Ethics, either your personal principles of what to do and
what not to do, or the prevailing ethics as prescribed by local law, religion,
or customs, cannot prescribe every decision in detail. Choosing to drop that
particular anvil from that building, or not, was not the sort of thing to put
into your little book of ethical decisions; an entry against harming valuable
property could well belong there; so could risking people’s lives by wantonly dangerous
behaviour. Reasonable intentions and expectations can guide actions, but cannot
rationalise every possible conflict of values in advance. For instance, other
things being equal, your ethics might oppose theft, but if you have no
acceptable alternative, your ethics might prescribe theft rather than letting a
child go hungry. One may be reduced to choosing the least unacceptable option.
As for values themselves, I discuss them later in this text.
And ethical choice is not always a simple matter.
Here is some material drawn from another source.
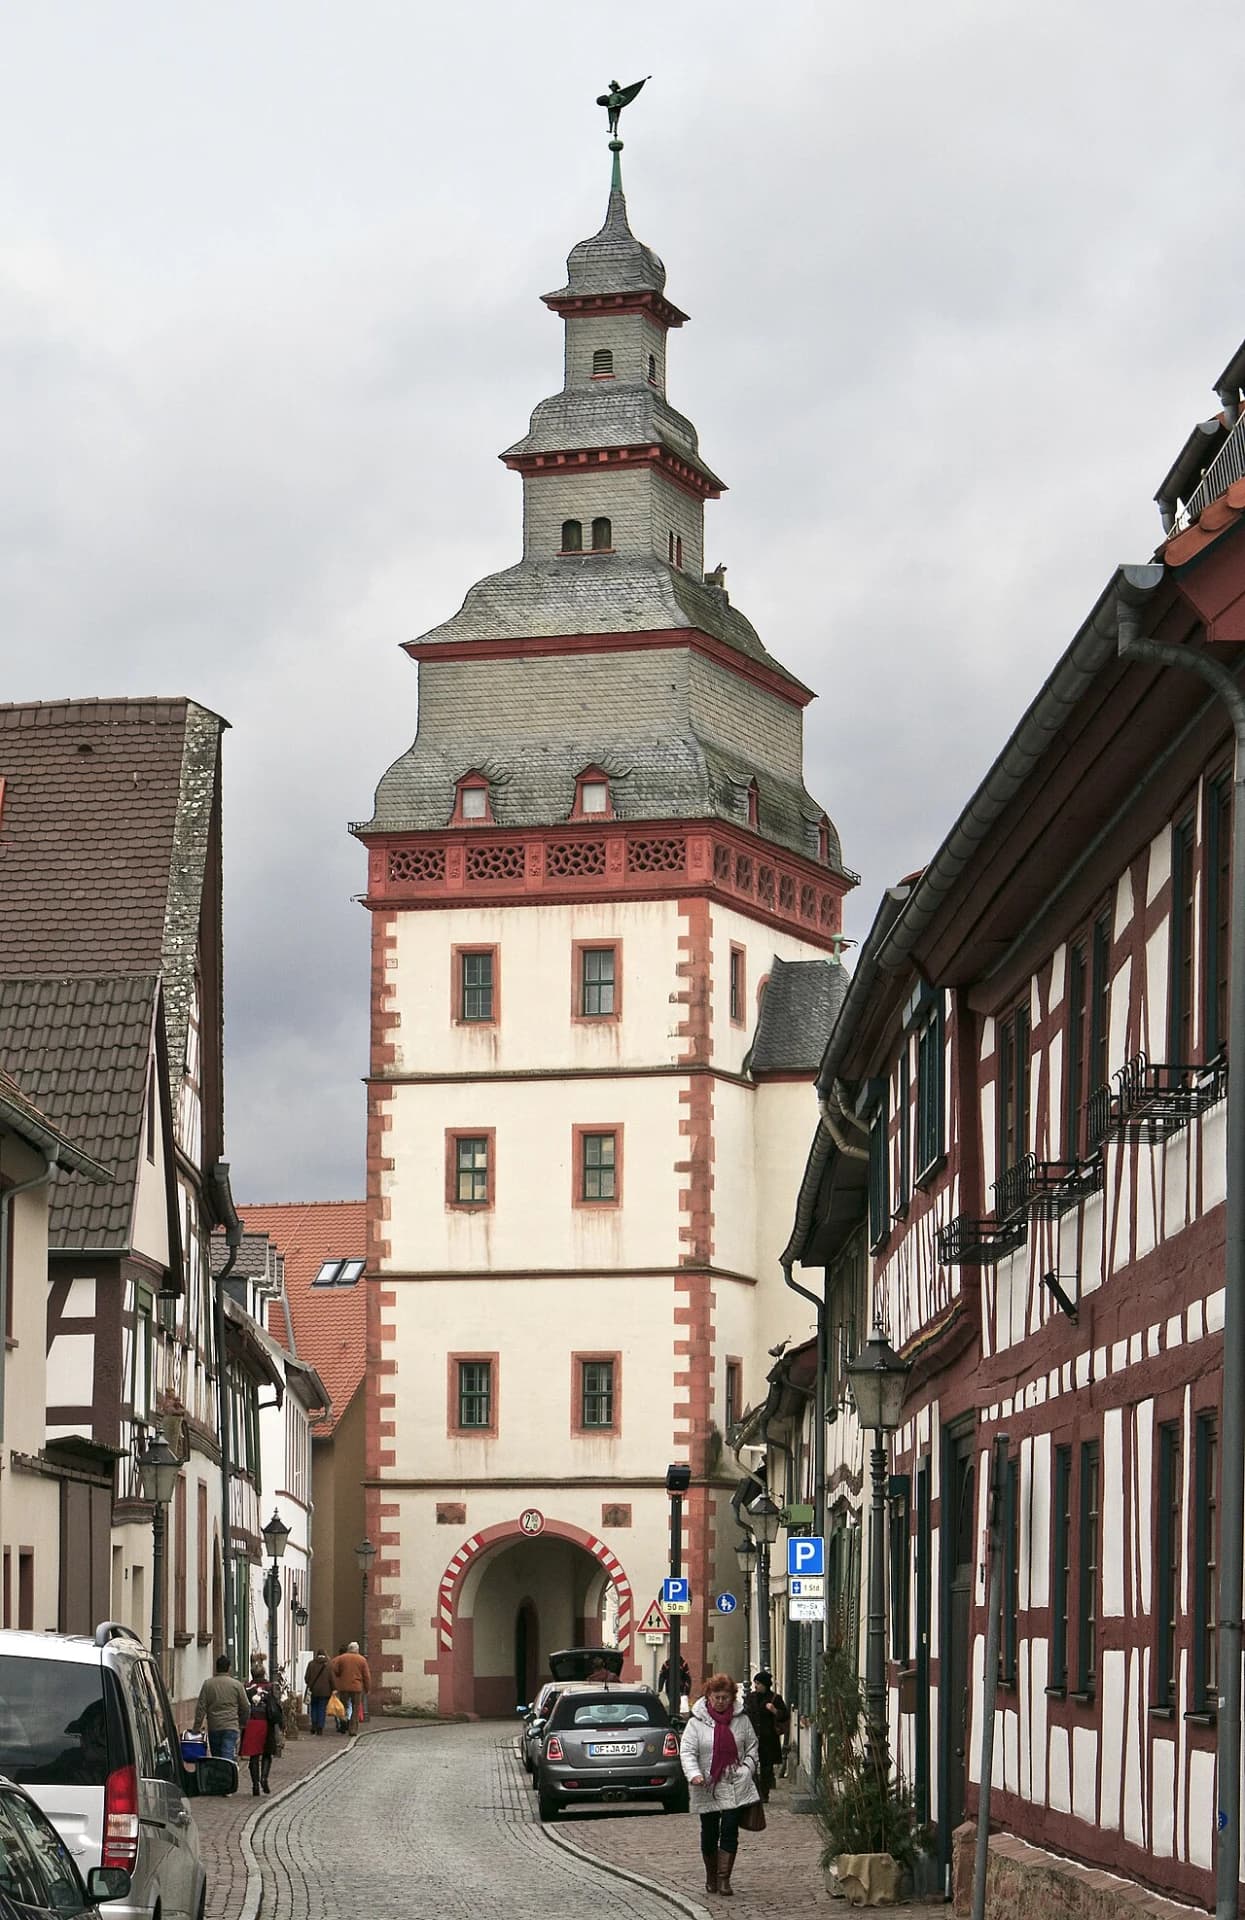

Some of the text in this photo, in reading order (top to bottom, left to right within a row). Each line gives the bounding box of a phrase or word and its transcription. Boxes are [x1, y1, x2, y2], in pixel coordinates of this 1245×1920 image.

[796, 1542, 816, 1570] P
[668, 1581, 682, 1600] P
[667, 1603, 677, 1611] 50
As a fictional, but poignant, example, a well-meaning
character in a P.G.Wodehouse novel stole all of a friend’s money as a good
deed: he bet it, along with all of his own money, on a horse in a race for
which he had a hot tip; he wanted the winnings for the friend, who, foolishly
in the opinion of the well‑meaning thief, had refused to bet. The horse came
last of course, but the point is the difficulty of determining how far the
behaviour had been unethical, whether sensible or not.
As a counter‑question: given that he was so sure, and
valued his friend’s well-being so highly, would it not have been unethical
to have neglected to steal the money for the friend’s benefit?
Entities, agents, and the CES of the team
i suppose the human race
is doing the best it can
but hell’s bells that’s only an explanation
it’s not an excuse.
Don Marquis
The concepts of distinct entities
and agents:
“things”, and “doers”, if you like, are fundamental to ethics; you might read
about them at Wikipedia: intelligent agents,
or Google: intelligent
agent. In a universe without distinct entities and active
agents, it is hard to imagine what one might call “ethics” at all.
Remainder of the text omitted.